In particular, a CNN performs feature extraction on an image. After features have been extracted, a RPN (Region Proposal Network) generates bounding box candidates where objects could be. Features are reduced to be of similar size before being run in parallel in order to get mask proposals. These mask proposals are then used to create binary masks of where an object is and isn’t in the image. Combined with the person’s location, key points are extracted via segmenting and are used to create a human skeleton for each figure.

This is a top-down approach because it first extracts the features of a person before estimating body joints within detected bounding boxes.

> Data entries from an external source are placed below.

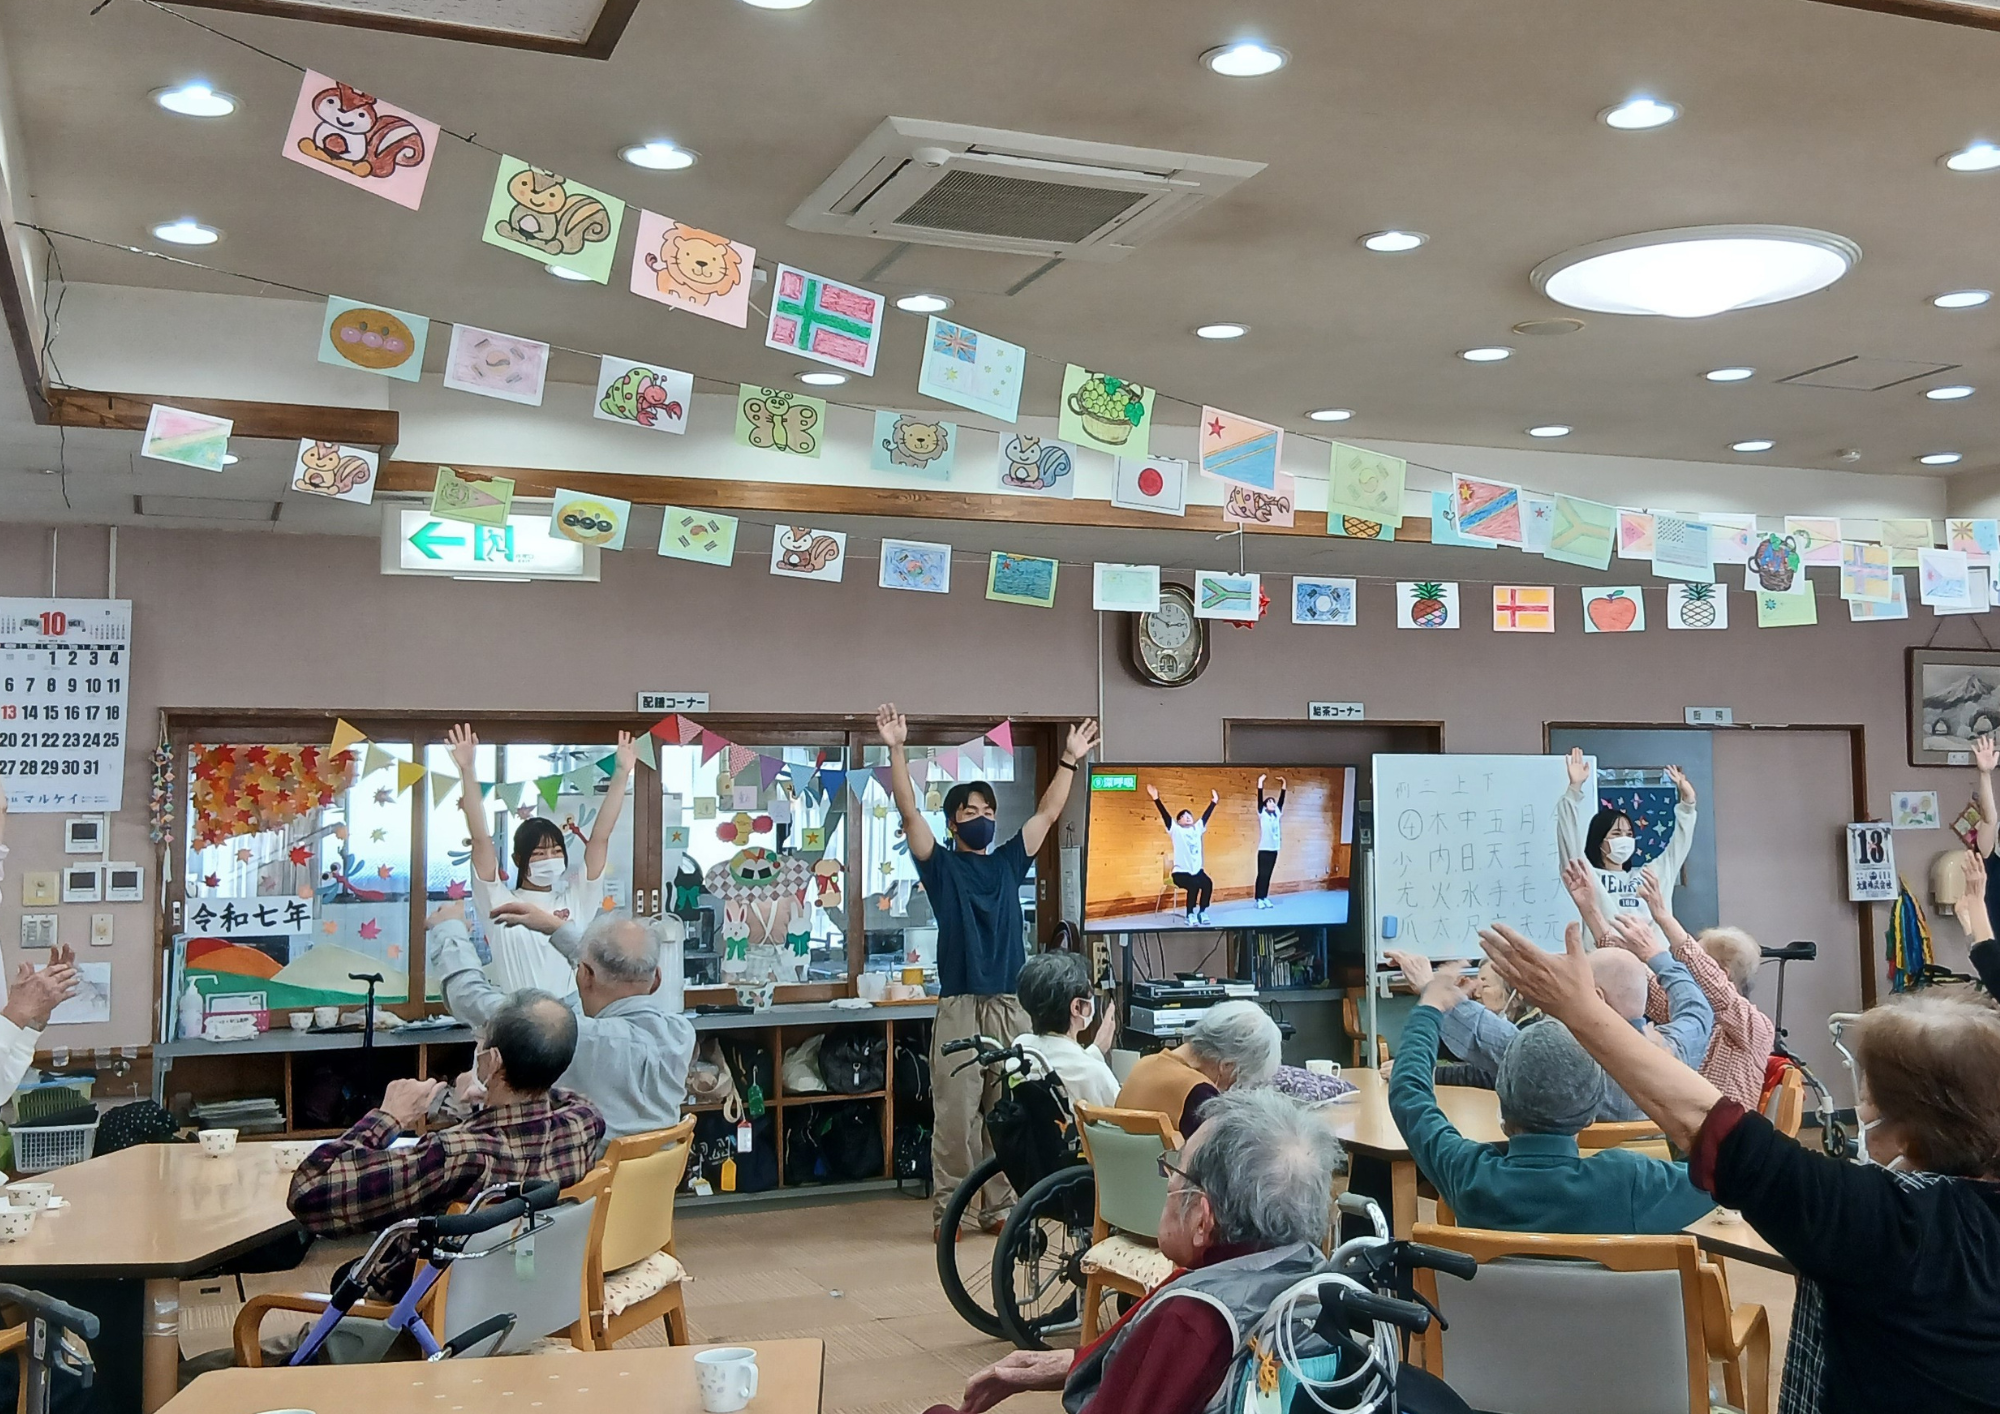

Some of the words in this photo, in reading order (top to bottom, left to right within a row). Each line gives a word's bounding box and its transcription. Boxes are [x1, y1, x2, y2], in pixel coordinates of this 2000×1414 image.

[40, 612, 66, 636] 10
[49, 651, 55, 665] 1
[68, 651, 78, 665] 2
[89, 652, 98, 665] 3
[109, 652, 119, 666] 4
[5, 678, 14, 692] 6
[26, 678, 35, 692] 7
[47, 678, 56, 692] 8
[68, 678, 77, 693] 9
[85, 678, 101, 693] 10
[107, 679, 120, 693] 11
[1, 705, 17, 719] 13
[22, 705, 38, 720] 14
[43, 705, 59, 720] 15
[64, 705, 79, 720] 16
[85, 706, 100, 720] 17
[105, 705, 119, 720] 18
[0, 733, 17, 747] 20
[21, 733, 38, 747] 21
[41, 733, 59, 747] 22
[62, 733, 80, 747] 23
[83, 733, 100, 747] 24
[103, 733, 119, 747] 25
[0, 760, 16, 775] 27
[20, 760, 38, 775] 28
[41, 760, 58, 775] 29
[62, 760, 79, 775] 30
[83, 760, 99, 775] 31
[191, 900, 311, 932] 令和七年

Innovations - Modern Architectures

Although these are not my innovations, I wanted to briefly talk about some of the more modern architectures:

  • HigherHRNet [3] is a bottom up model of pose estimation. HigherHRNet uses high-resolution feature pyramids to learn scale-aware representations. It uses multi-resolution supervision for training and multi-resolution aggregation for inference.
  • KP3D [4] is a 3D pose estimation that uses a 2D image to predict the coordinates of a 3D object.
    1. Image Acquisition - acquire a set of images of the 2D image taken from different viewpoints
    2. Key-point detection - Using feature detection techniques, detect distinct key points in a 2D image. These points should be easily detectable and matched across different images
    3. Key-point Matching - Match the key points between images.
    4. 3D reconstruction - Once key point matching has been done, trinagulation is done to compute the 3D position of each key-point in the view. This is done by using correspondence between key-points and the known camera coordinates
    5. Refinement - Refine the 3D model by optimizing camera parameters and 3D point positions in order to minimize loss.

Application

In traditional object detection, people are only perceived as a square bounding box. However, using pose estimation allows computers to develop an understanding of human body language.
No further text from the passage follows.